Still around! Just busy…happy to look at stuff.

A cool project would be a variadic map function with parallelism or/and a reduce sum with mpi backend (you could reformat variadic things tongue rect style implementation and just write an adapter).

the parallel nuts thing I suggested a while ago lets users double the cpu use while giving you a 40% Speedup or so…I d say it’s worth it, given it works on any model almost always. The price to pay is greater code complexity as I recall (or you neatly refactor things).

Great, thanks so much. I just needed a green light to see if this is something we wanted. Adding more features can increase maintenance costs and since it’s a small open source project, it inhibits the ability for maintenance. Thanks everyone

Just a warning: While I proposed the parallel NUTS thing… I was not able to convince key stakeholders to pick it up. The assessment at the time was that the benefits for 30-40% speedup for doubling cpu resource use is not worth if; in particular in view of the added complexity of the code. I personally have a different view as I use all the time computers which have lots of CPUs and being 30-40% faster for ANY model without changing the model at all… screams for me to implement it. There is a test implementation based on the Intel TBB graph parallelism stuff, which was fun to play with.

Alright, stakeholders meaning benefactors? I’m not getting paid, I would be doing this for practice/fun. It could be put on a different branch if someone wants to pull and use it for a specific purpose. I’m independent, I don’t have funding, really. But thanks for the reply. So you’re saying you’re in favor? It doesn’t have to be a merged main branch, just a separate feature if it’s helpful to people with less computational resources. Can you point me to the prototype repo? Thanks.

This should be the one: GitHub - stan-dev/stan at feature/speculative-nuts · GitHub It did run with the stan stuff from back then. TBB / oneTBB… should not matter.

Yeah, people say integrating C/C++ isn’t a big deal, but when you’re actually doing it it’s like walking on hot coals. I’ll go with oneTBB I guess, it’s more modern and probably better maintained in the future

So I’m just seeing tbb::concurrent vector, does this abstract away the mapping and reducing? I had only done this once, and the multithreading library was internally developed so I don’t have access to documentation anymore.

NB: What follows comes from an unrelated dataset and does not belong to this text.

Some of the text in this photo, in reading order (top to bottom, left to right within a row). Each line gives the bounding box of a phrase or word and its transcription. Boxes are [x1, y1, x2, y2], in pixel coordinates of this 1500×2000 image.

I’m looking here: const bool run_serial = stan::math::internal::get_num_threads() == 1;

line 248: stan/src/stan/mcmc/hmc/nuts/base_nuts.hpp at feature/speculative-nuts · stan-dev/stan · GitHub

Is this SMP or MPP? I haven’t used TBB. Ususally you have you write a mapping function and a reducing function, not sure, I don’t remember.

And how far did you push it? How many threads and on what models?

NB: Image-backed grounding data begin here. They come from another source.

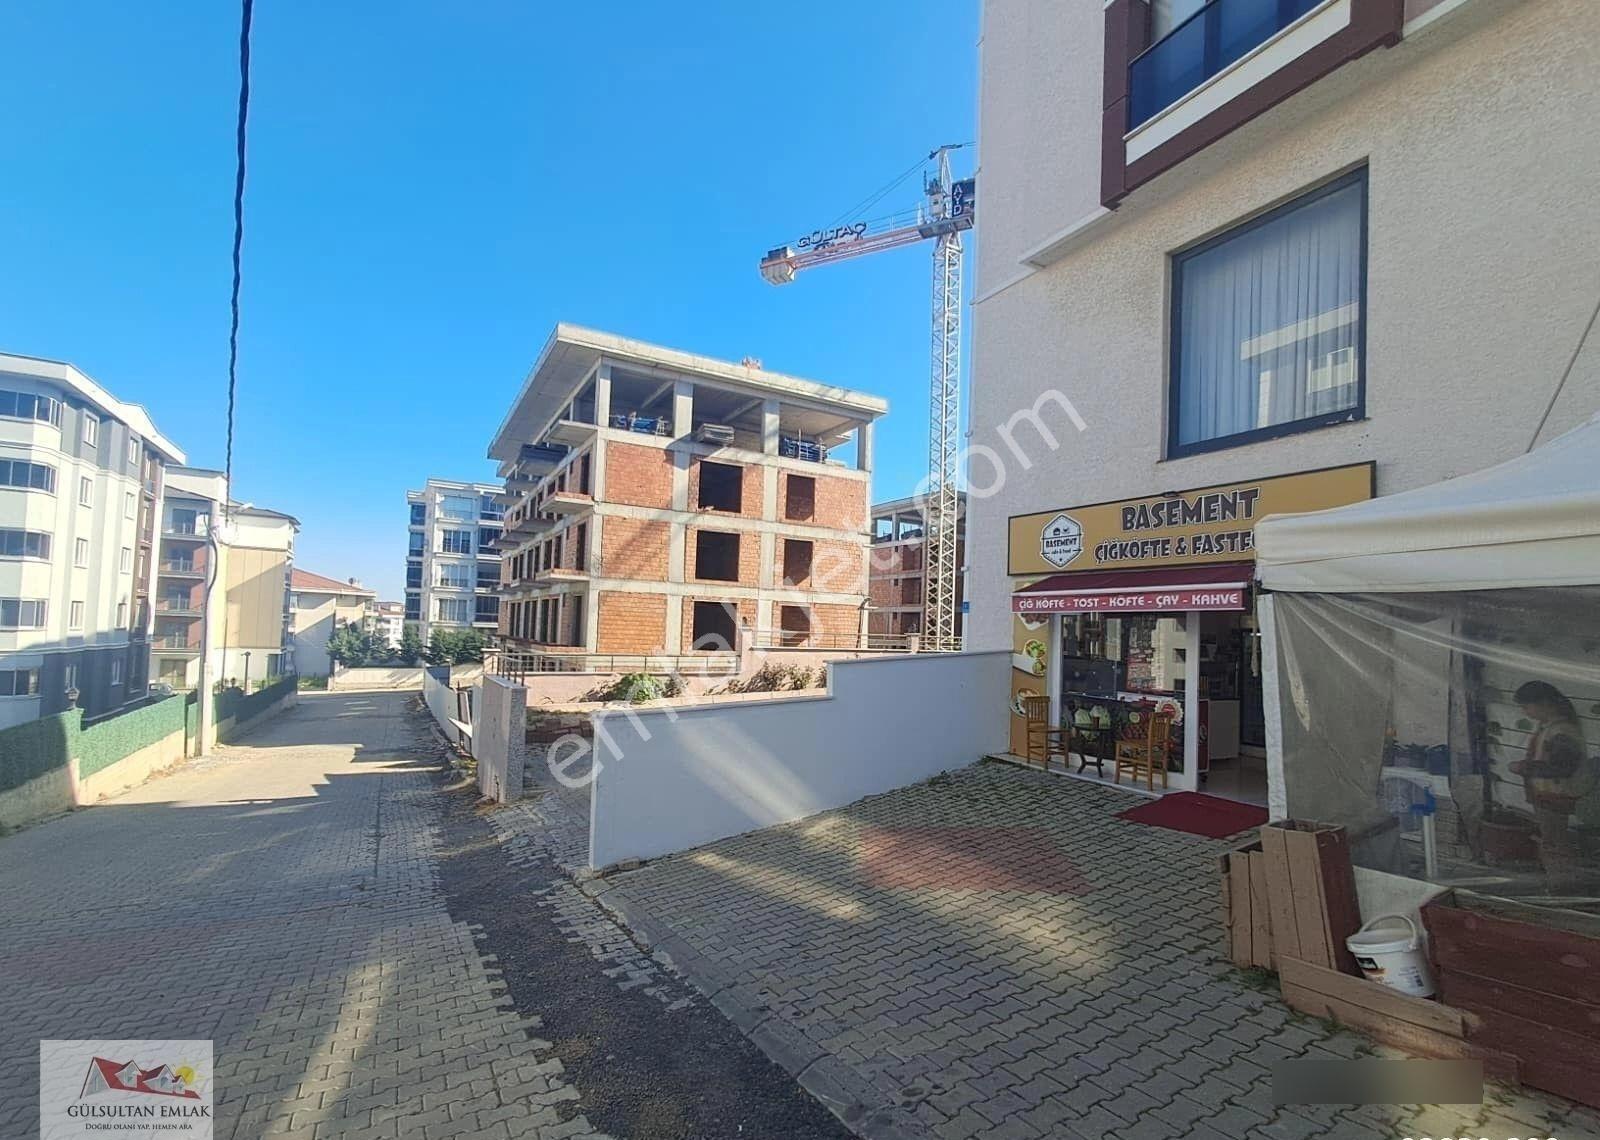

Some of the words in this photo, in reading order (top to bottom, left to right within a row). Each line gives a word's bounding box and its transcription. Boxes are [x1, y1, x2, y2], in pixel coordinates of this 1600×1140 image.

[1121, 487, 1260, 532] BASEMENT
[1045, 537, 1078, 548] BASEMENT
[1175, 536, 1187, 556] &
[1072, 597, 1100, 608] TOST
[1155, 594, 1180, 608] ÇAY
[1191, 593, 1239, 605] KAHVE

It looks like on TBB a lot of the programming is abstracted away from you, am I wrong?

I had some help, sure, but it has been 3 years since I tried to multithread anything.

I’m talking to myself, but I think I’m going to crank up the number of threads, at that line of code, and open a PR, not for the purpose of merging, but, since we have a database of models that evaluates efficiency, I want to see how it scales. Again, I’m not as familiar with TBB, so I have some learning to do. May be I’m wasting Columbia’s computational resources…

And then we can also multithread expensive algorithms like Cholesky decomposition, independently, not just NUTS, right? Are we already doing this or no?